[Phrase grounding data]

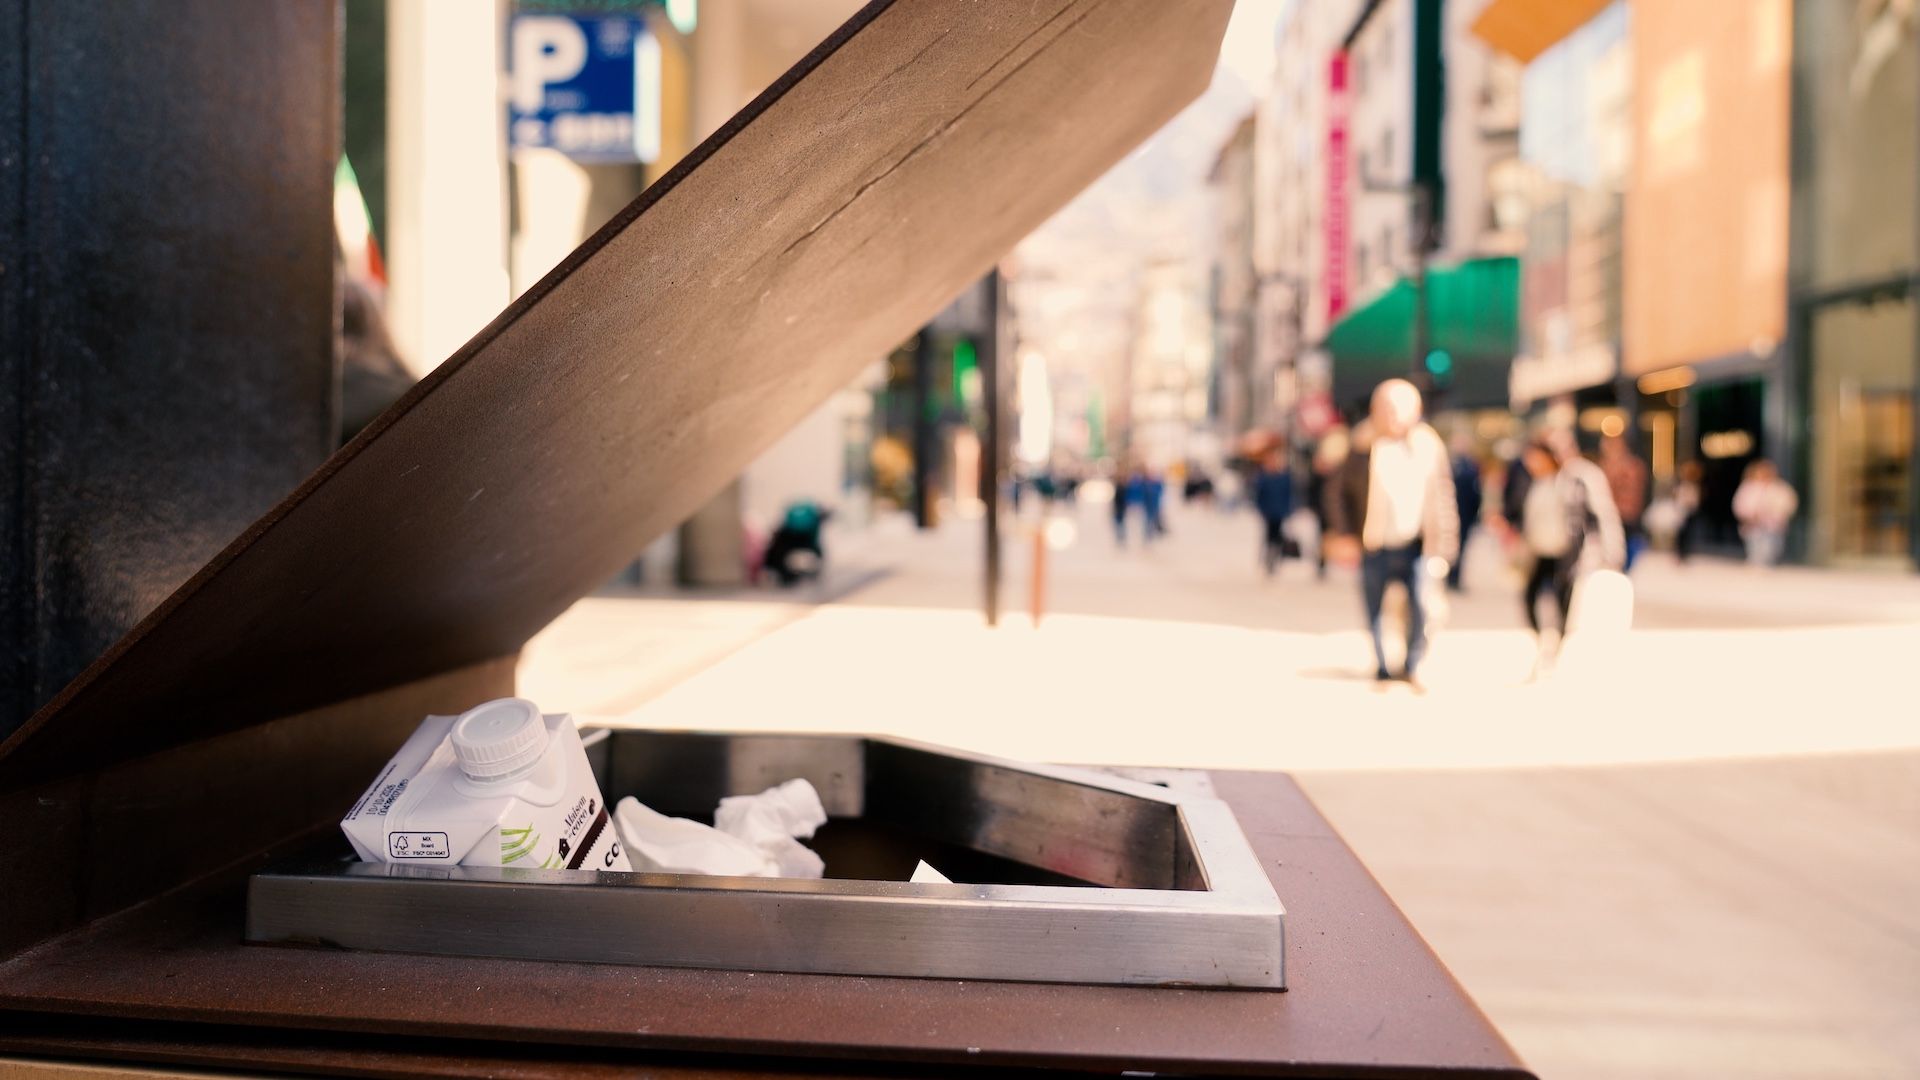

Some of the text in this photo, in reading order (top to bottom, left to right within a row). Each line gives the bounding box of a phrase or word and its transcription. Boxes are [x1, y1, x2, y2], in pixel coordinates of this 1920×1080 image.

[512, 15, 588, 113] P
[564, 795, 587, 828] Maison
[571, 809, 588, 836] coco
[605, 841, 621, 867] CO

**Activity**.
Please print all the lines above exactly as given and leave out every picture.

**Solution**.
Some of the text in this photo, in reading order (top to bottom, left to right within a row). Each line gives the bounding box of a phrase or word and its transcription. Boxes are [x1, y1, x2, y2], in pixel coordinates of this 1920×1080 image.

[512, 15, 588, 113] P
[564, 795, 587, 828] Maison
[571, 809, 588, 836] coco
[605, 841, 621, 867] CO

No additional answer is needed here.